- **Records to process**:
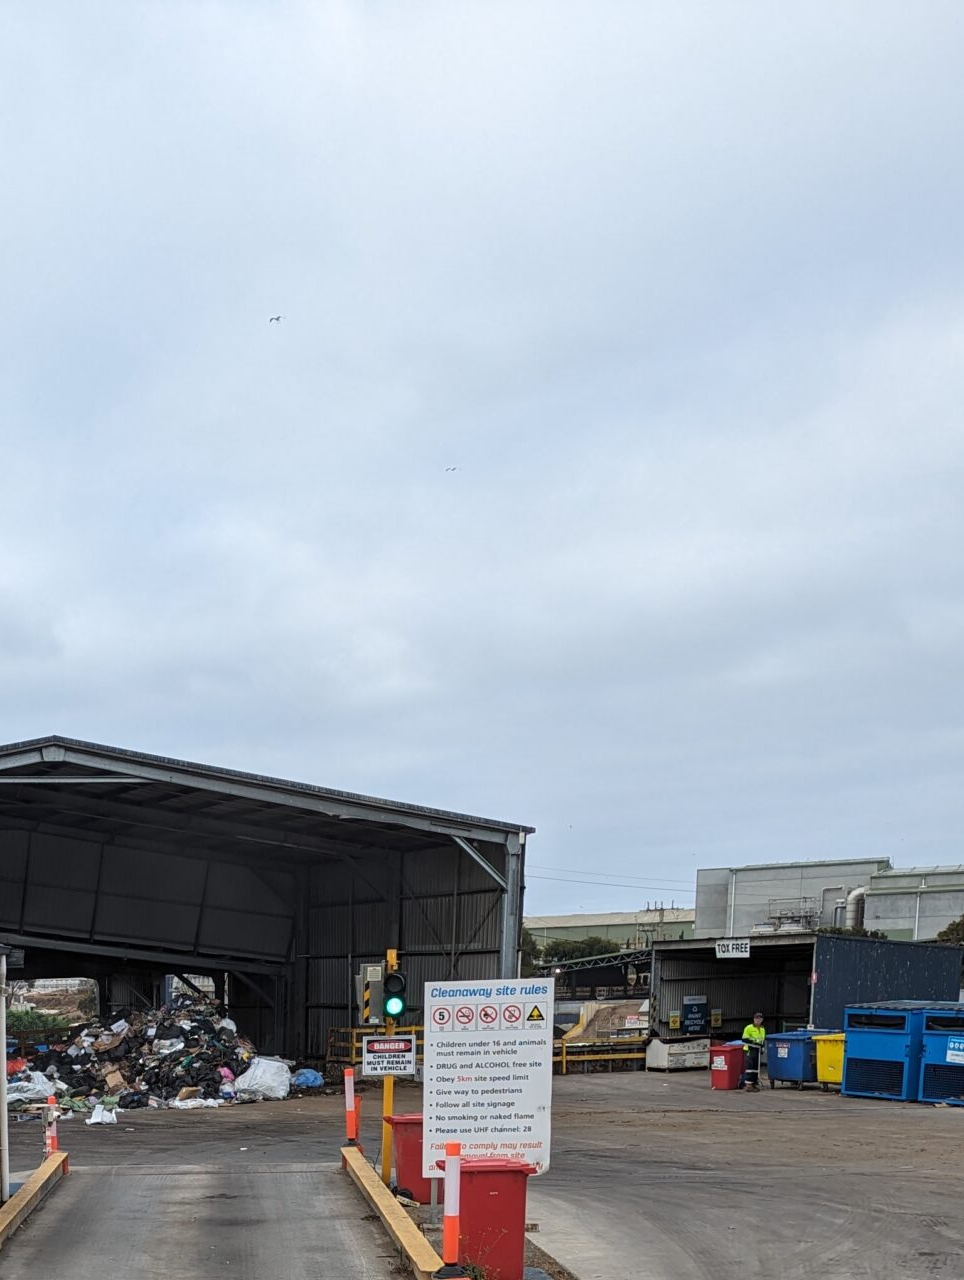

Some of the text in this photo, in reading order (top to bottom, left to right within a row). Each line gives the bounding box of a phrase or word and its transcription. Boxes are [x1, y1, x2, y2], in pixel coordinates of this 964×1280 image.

[717, 943, 748, 953] TOX FREE
[430, 984, 548, 998] Cleanaway site rules
[438, 1011, 445, 1020] 5
[374, 1042, 405, 1050] DANGER
[489, 1075, 511, 1083] speed
[481, 1087, 523, 1096] pedestrians
[486, 1100, 515, 1109] signage
[447, 1114, 477, 1122] smoking
[469, 1142, 498, 1151] comply
[519, 1141, 543, 1149] result
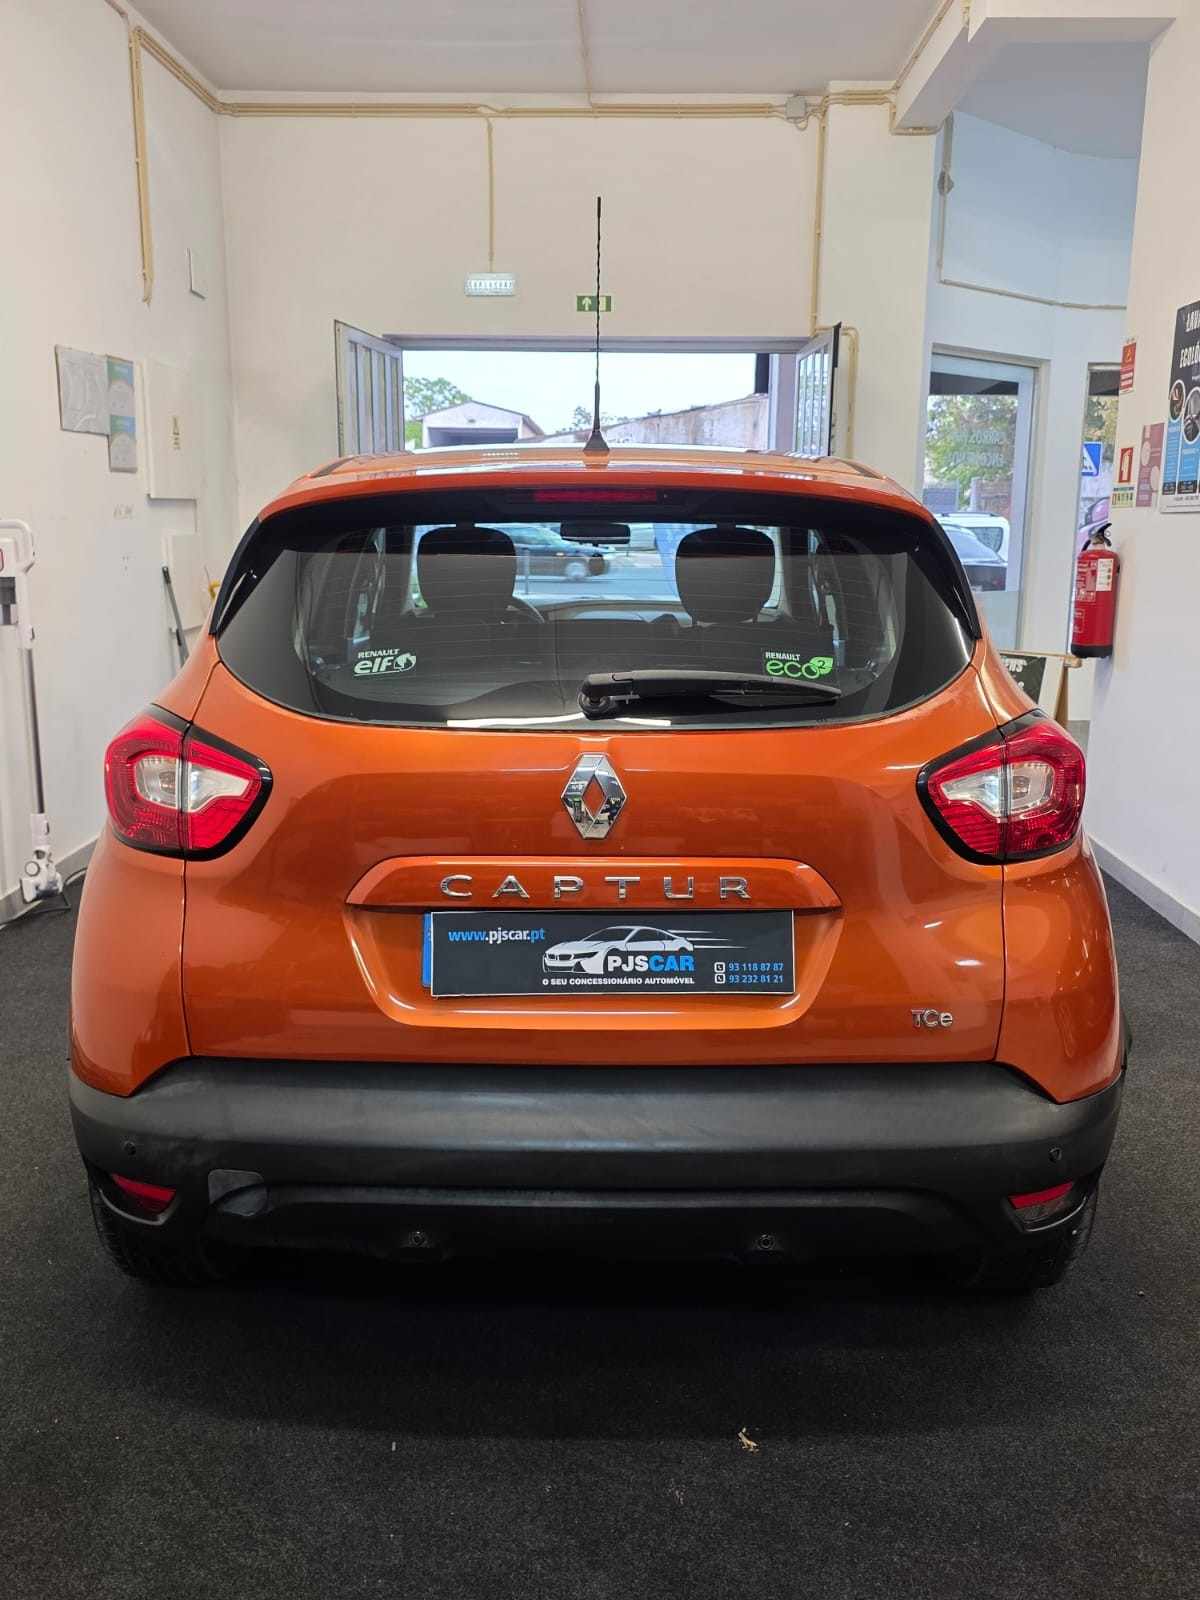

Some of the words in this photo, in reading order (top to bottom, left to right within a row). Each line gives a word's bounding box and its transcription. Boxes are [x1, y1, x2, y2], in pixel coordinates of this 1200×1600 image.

[1185, 310, 1200, 332] LAV
[1180, 340, 1200, 368] ECOLÓ
[358, 648, 400, 659] RENAULT
[765, 651, 800, 661] RENAULT
[440, 874, 752, 899] CAPTUR
[448, 927, 545, 944] www.pjscar.pt
[607, 954, 695, 972] PJSCAR
[728, 962, 740, 971] 93
[569, 976, 642, 985] CONCESSIONÁRIO
[645, 975, 695, 985] AUTOMÓVEL
[728, 974, 740, 983] 93
[772, 974, 784, 983] 21
[911, 1008, 953, 1027] TCe

- **Problem to solve**:
Every line above should be copied exactly, apart from any pictures.

- **Finished task**:
Some of the text in this photo, in reading order (top to bottom, left to right within a row). Each line gives the bounding box of a phrase or word and its transcription. Boxes are [x1, y1, x2, y2], in pixel coordinates of this 964×1280 image.

[717, 943, 748, 953] TOX FREE
[430, 984, 548, 998] Cleanaway site rules
[438, 1011, 445, 1020] 5
[374, 1042, 405, 1050] DANGER
[489, 1075, 511, 1083] speed
[481, 1087, 523, 1096] pedestrians
[486, 1100, 515, 1109] signage
[447, 1114, 477, 1122] smoking
[469, 1142, 498, 1151] comply
[519, 1141, 543, 1149] result

Some of the words in this photo, in reading order (top to bottom, left to right within a row). Each line gives a word's bounding box and its transcription. Boxes are [x1, y1, x2, y2], in pixel coordinates of this 1200×1600 image.

[1185, 310, 1200, 332] LAV
[1180, 340, 1200, 368] ECOLÓ
[358, 648, 400, 659] RENAULT
[765, 651, 800, 661] RENAULT
[440, 874, 752, 899] CAPTUR
[448, 927, 545, 944] www.pjscar.pt
[607, 954, 695, 972] PJSCAR
[728, 962, 740, 971] 93
[569, 976, 642, 985] CONCESSIONÁRIO
[645, 975, 695, 985] AUTOMÓVEL
[728, 974, 740, 983] 93
[772, 974, 784, 983] 21
[911, 1008, 953, 1027] TCe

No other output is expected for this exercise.